Records to use.
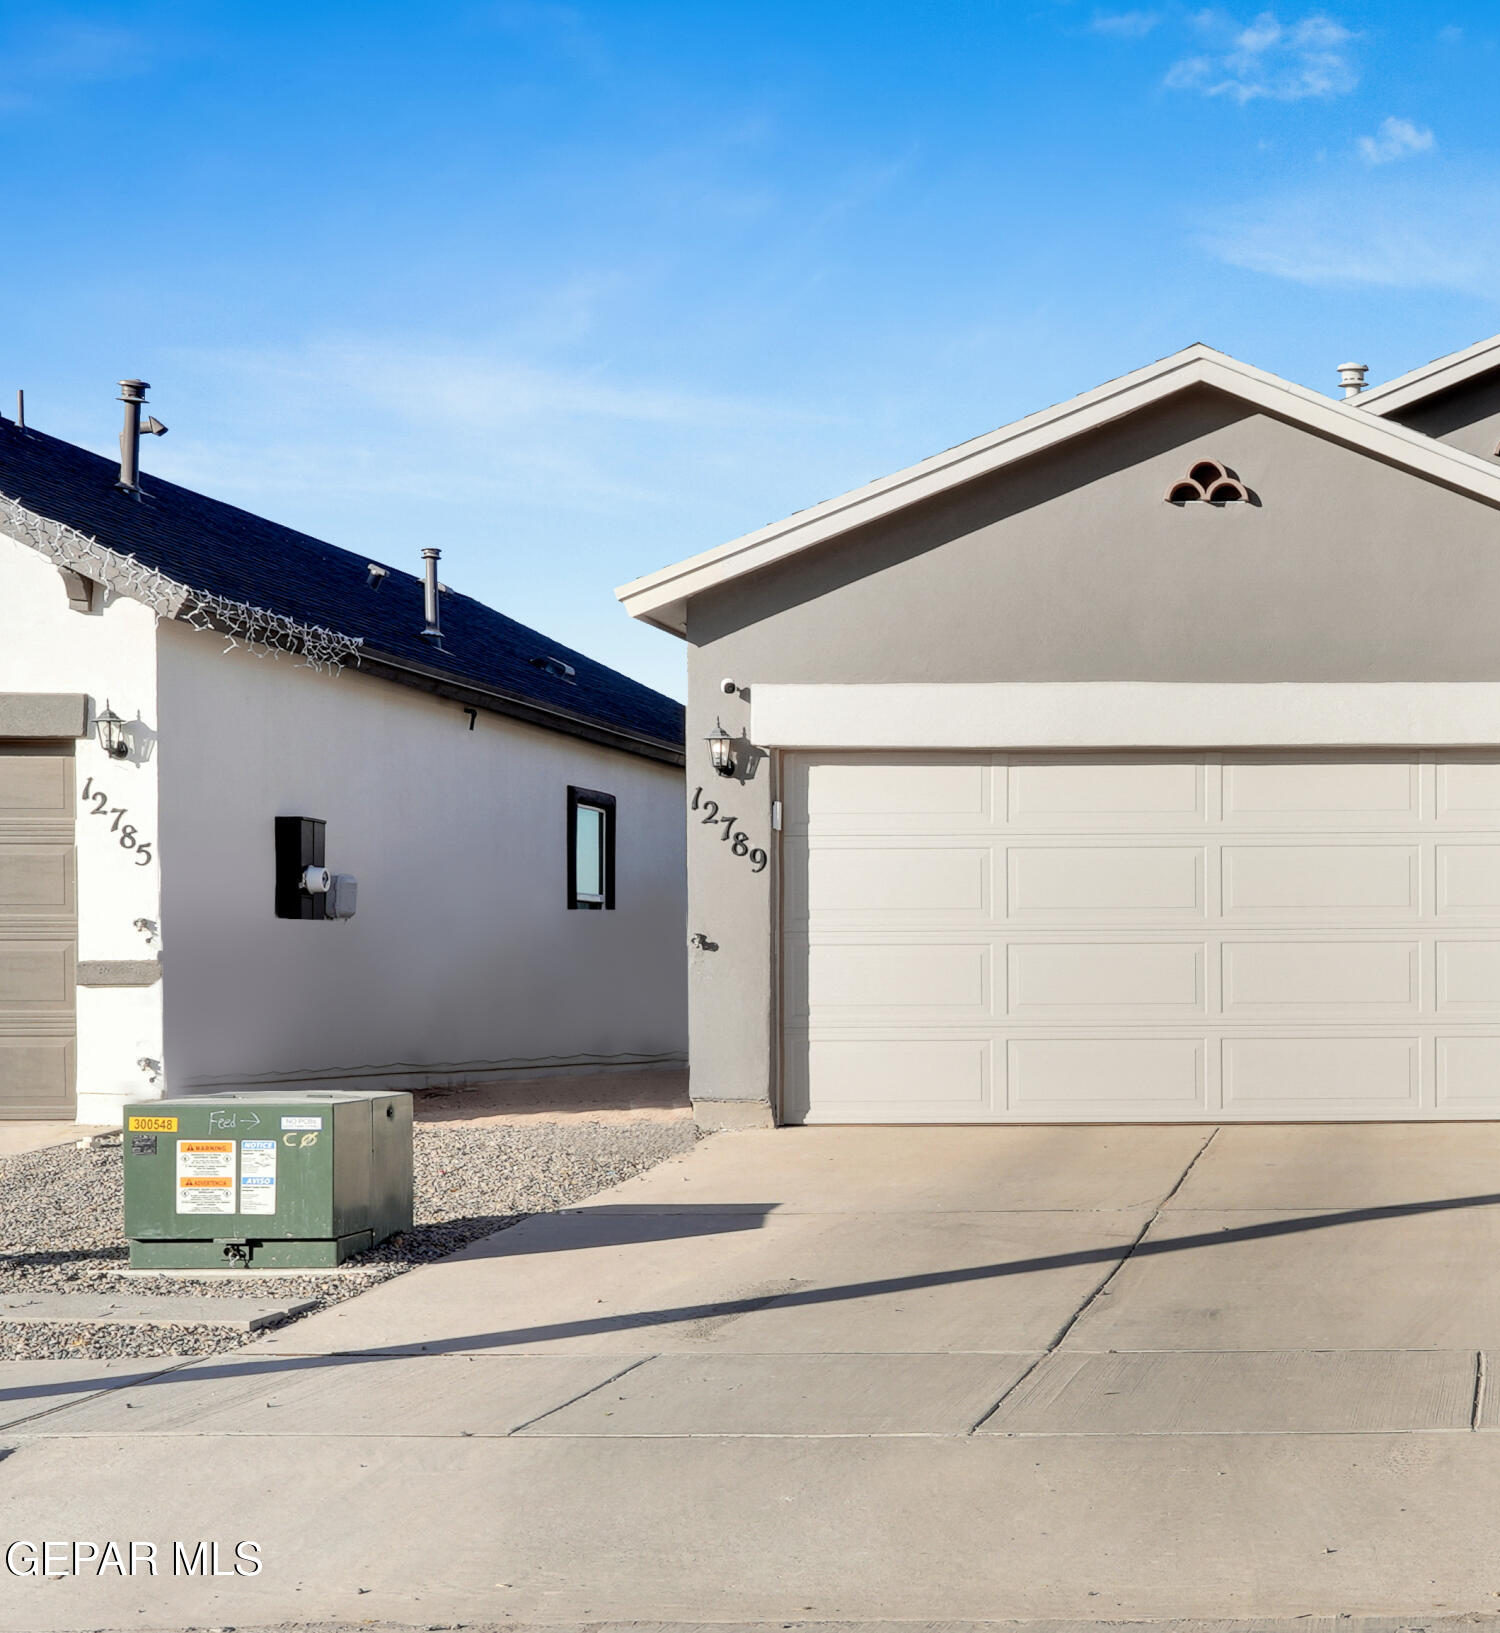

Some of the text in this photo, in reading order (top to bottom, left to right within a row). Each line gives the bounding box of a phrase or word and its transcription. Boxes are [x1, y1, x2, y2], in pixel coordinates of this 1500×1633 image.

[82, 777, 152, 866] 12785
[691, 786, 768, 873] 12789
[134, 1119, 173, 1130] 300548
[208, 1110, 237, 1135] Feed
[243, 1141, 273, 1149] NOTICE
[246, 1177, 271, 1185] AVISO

Task prompt. With images left out, the data must be transcribed exactly.

Your solution.
Some of the text in this photo, in reading order (top to bottom, left to right within a row). Each line gives the bounding box of a phrase or word and its transcription. Boxes are [x1, y1, x2, y2], in pixel coordinates of this 1500×1633 image.

[82, 777, 152, 866] 12785
[691, 786, 768, 873] 12789
[134, 1119, 173, 1130] 300548
[208, 1110, 237, 1135] Feed
[243, 1141, 273, 1149] NOTICE
[246, 1177, 271, 1185] AVISO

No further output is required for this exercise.